The discussed alternatives have already been transferred to Trump by Pelosi and the minority leader in the Senate, Chuck Schumer (D-N.Y.). But an option that they are not considering, according to nearby Democratic leaders, offers the president more than the $ 1.3 billion they have already put on the table to finance fencing on the southern border.
So far, Trump has rejected the $ 1.3 billion as too little. But the Democrats believe he'll come under fire as stories spread over dreaded federal employees in January and the chaos of a stalemate affects Americans' lives.
"The American people know this is a Trump deadlock," McGovern said.
One option that Democrats are considering is a short-term funding move to open now closed agencies by 8 February. A week ago, the Senate passed a rolling resolution with this timetable. Some House Democrats believe they can do that quickly McConnell, a former appropriator who rejects decommissioning, feels pressure to act through her own chamber.

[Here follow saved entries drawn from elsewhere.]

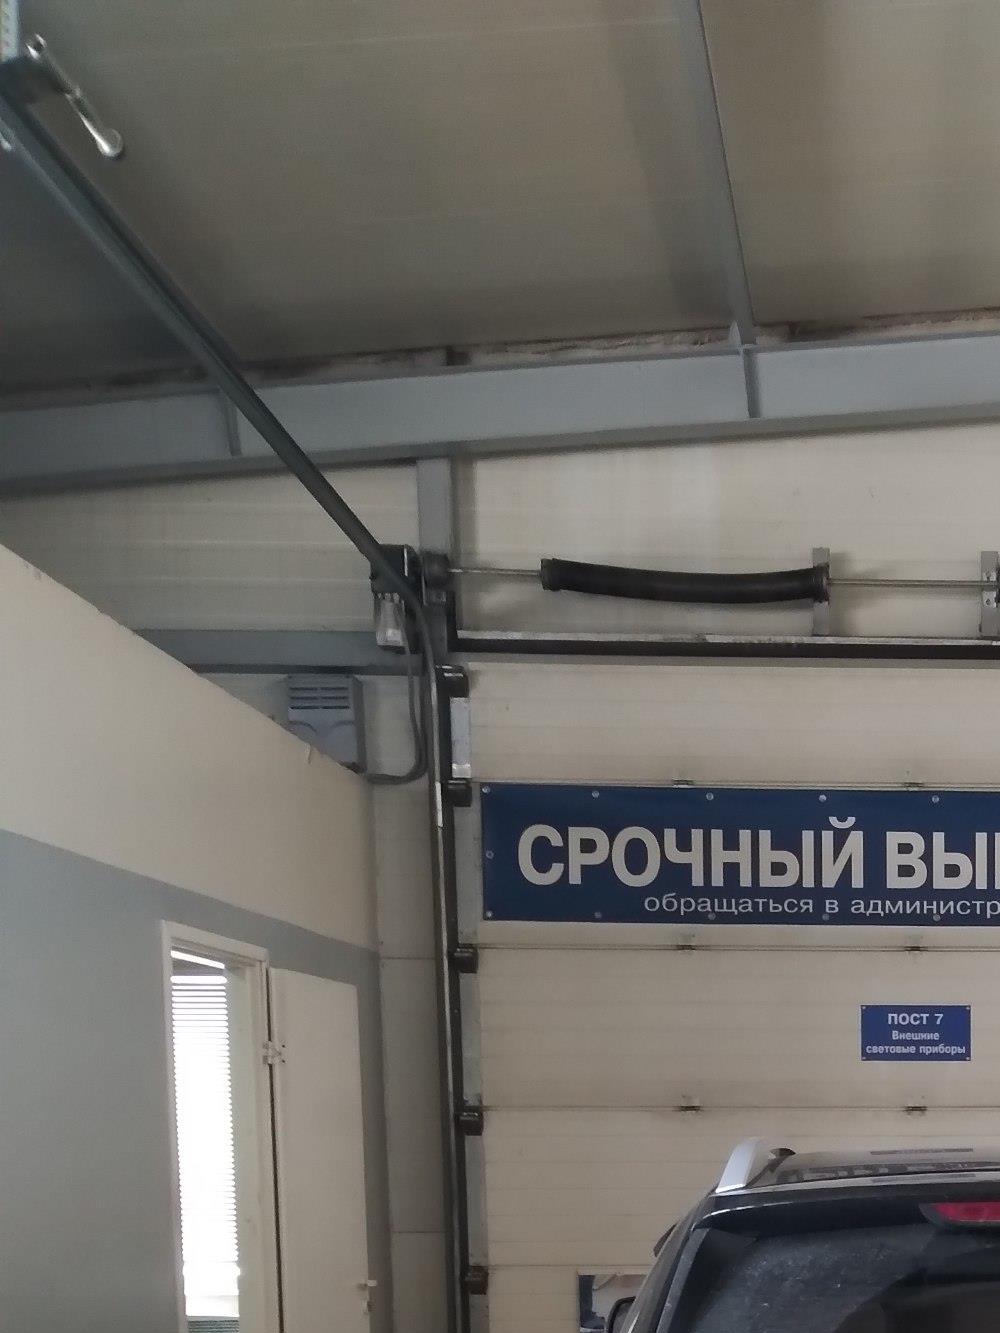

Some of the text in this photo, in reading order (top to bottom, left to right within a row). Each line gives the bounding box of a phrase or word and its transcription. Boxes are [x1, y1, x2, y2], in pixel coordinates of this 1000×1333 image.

[518, 816, 864, 888] СРОЧНЫЙ
[644, 893, 814, 916] обращаться
[825, 900, 840, 913] в
[887, 1013, 944, 1025] ПОСТ 7
[891, 1030, 941, 1041] Внешние
[865, 1043, 966, 1055] световые приборы
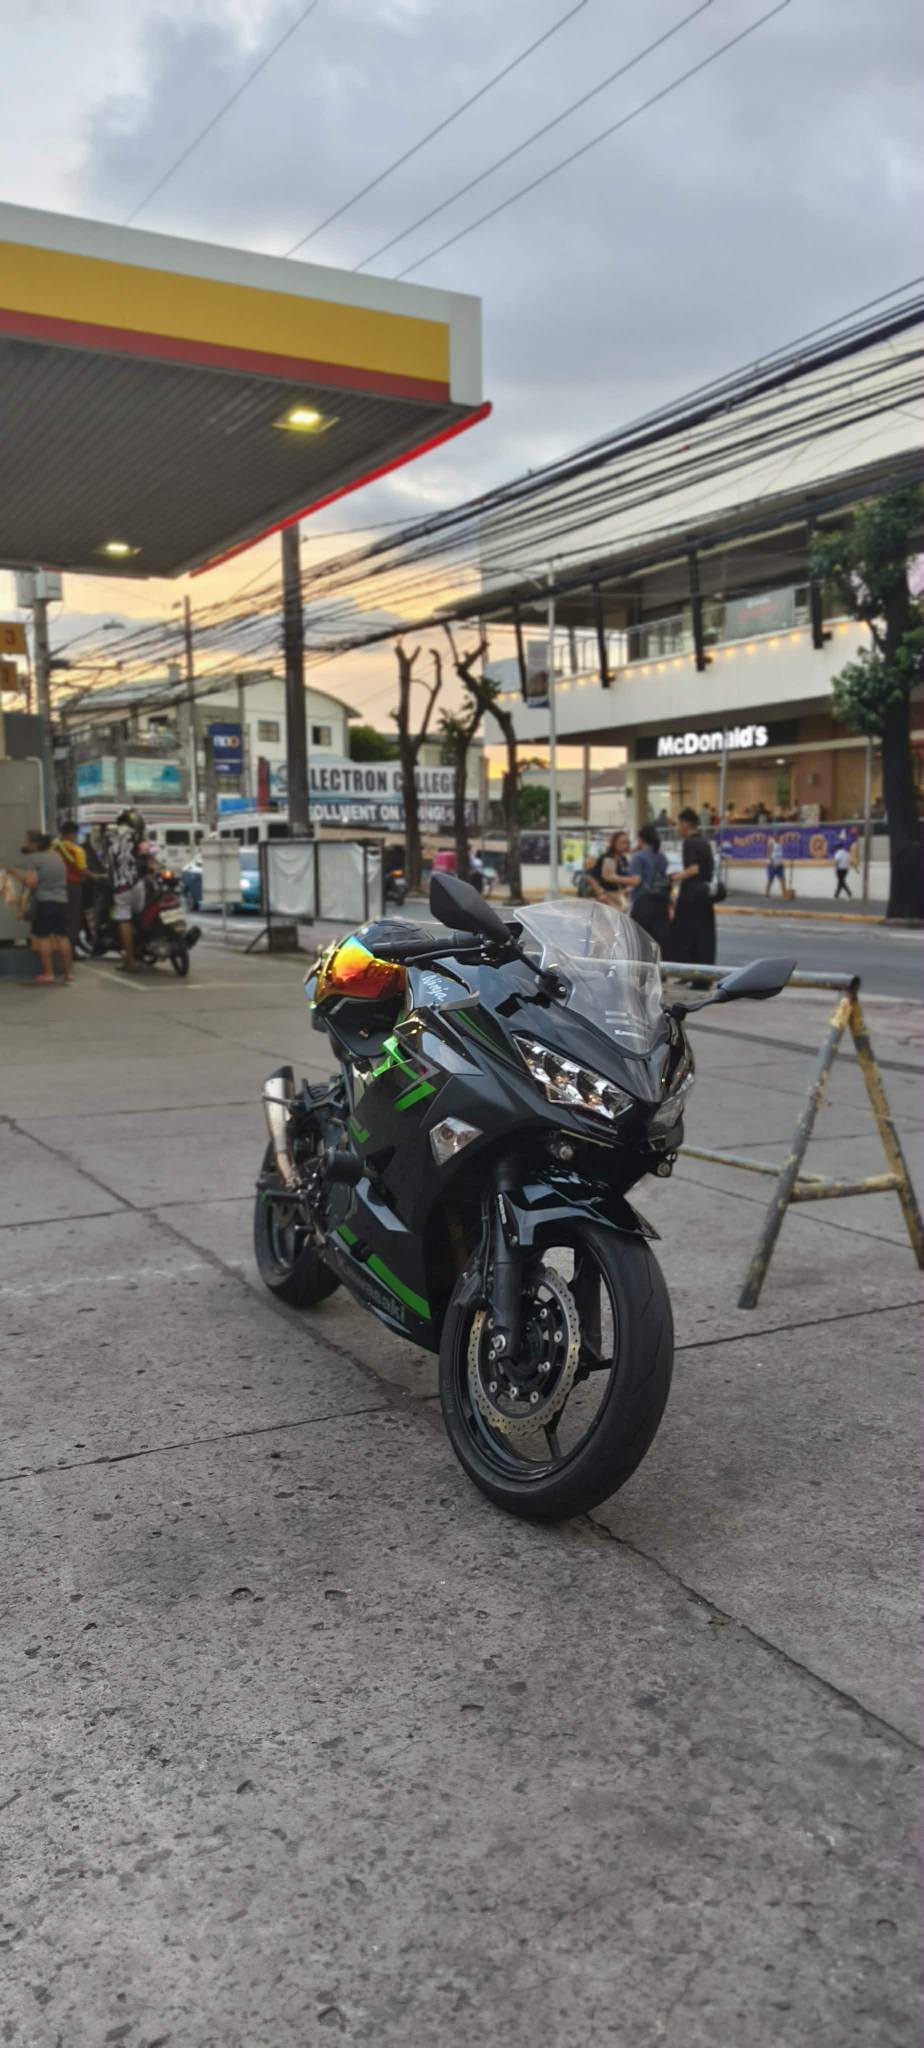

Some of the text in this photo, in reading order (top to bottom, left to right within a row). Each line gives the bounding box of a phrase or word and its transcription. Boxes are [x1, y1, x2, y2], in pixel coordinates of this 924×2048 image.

[657, 725, 768, 757] McDonald's
[309, 767, 456, 794] LECTRON CLLEG
[379, 804, 400, 821] ON
[421, 974, 449, 1002] Ninja
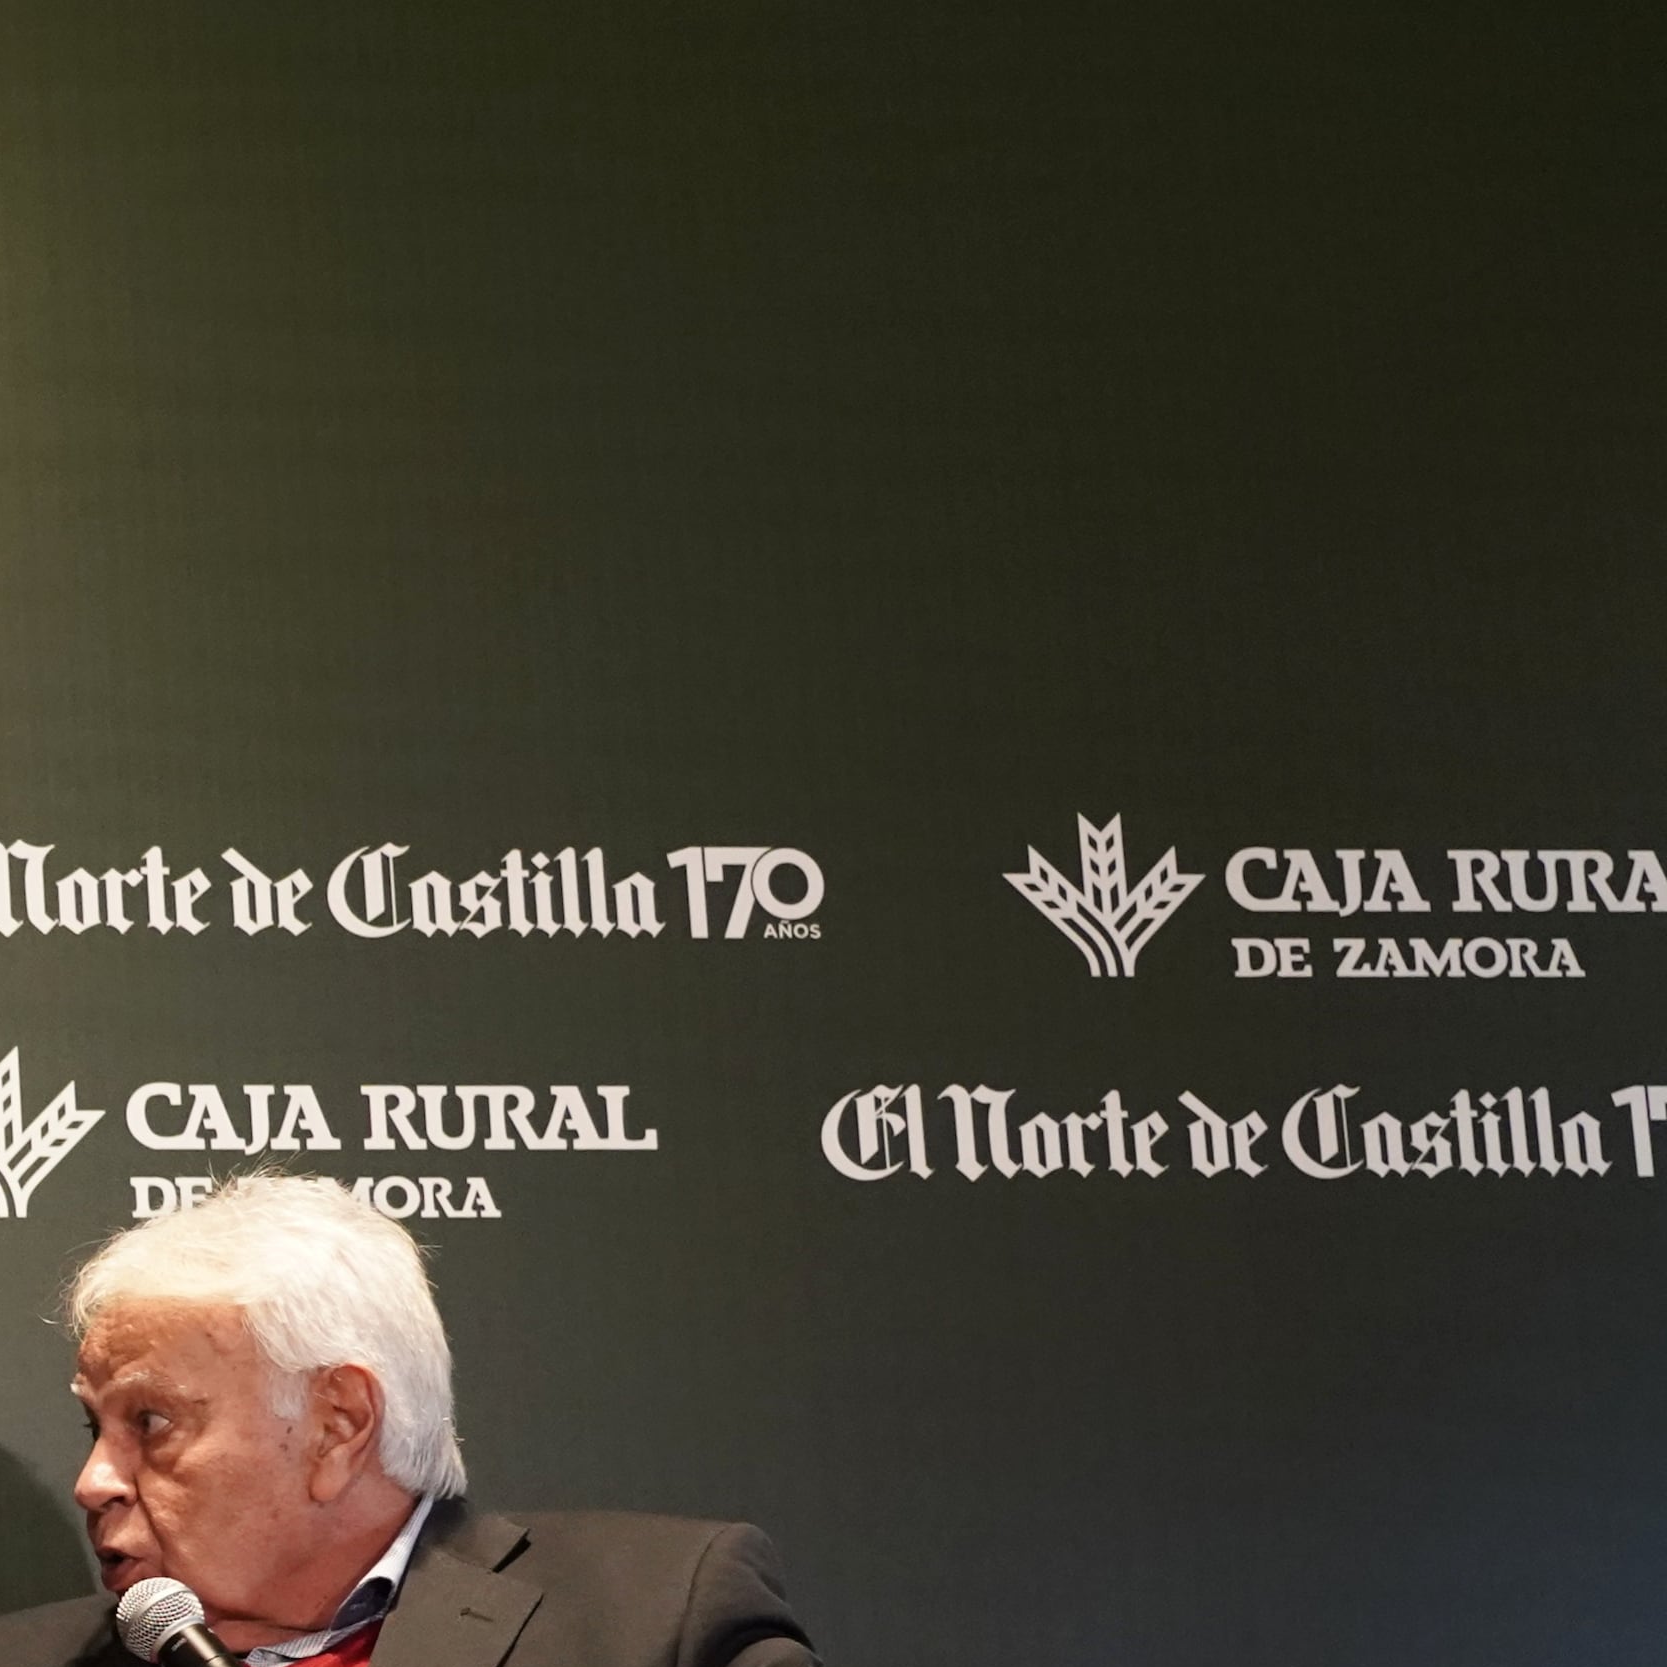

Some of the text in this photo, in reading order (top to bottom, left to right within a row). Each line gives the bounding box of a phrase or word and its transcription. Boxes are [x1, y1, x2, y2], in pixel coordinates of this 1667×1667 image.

[221, 847, 314, 937] de
[326, 842, 666, 939] Castilla
[666, 846, 825, 939] 170
[1225, 846, 1431, 917] CAJA
[763, 916, 822, 940] AÑOS
[1231, 936, 1586, 979] DE ZAMORA
[125, 1081, 658, 1156] CAJA RURAL
[821, 1083, 934, 1181] El
[937, 1083, 1169, 1182] Norte
[1178, 1090, 1268, 1178] de
[1281, 1083, 1612, 1179] Castilla
[129, 1176, 213, 1219] DE

A short-term bill would also allow newly-empowered members of domestic democracy to mark the last remaining financial bills before they passed A major package in February, it said from two Democratic sources.
However, with Trump still calling on Hill Republicans to fight for his wall, McConnell is unlikely to face a funding gap in the meantime. Leaders have made it clear that they will not be without the support of the president for a finance law to reopen the government.
Connolly is also not interested in a short-term financing solution. He wants an agreement that will finance the entire government by 30 September.
"I see a growing sense among the Democrats of having a financial instrument that will carry us until the end of the year," Connolly added. A "short-term CR brings us very little."
Trump rejected a temporary resolution last week to instead bless the blessing of an attempt by the House Republicans to provide $ 5 billion for the Wall, resulting in closure.
House democrats are also considering a CR for the affected agencies that would endure the fiscal year. Such a proposal would not mean a change in policy for the agencies currently closed. They would get along with the same budget they had in 2018.
A third option that is being considered is to transfer the total cost of the funds to all concerned agencies, with the exception of the Homeland Security Department, where Trump's Wall money would flow. This department would work at its current level for the remainder of the year.
No matter which option you choose, House Minority Leader Steny Hoyer (D-Md.) And other Democrats from Virginia and Maryland intend to add a provision to each Financing Act that guarantees the payment of Federal employees affected by the closure.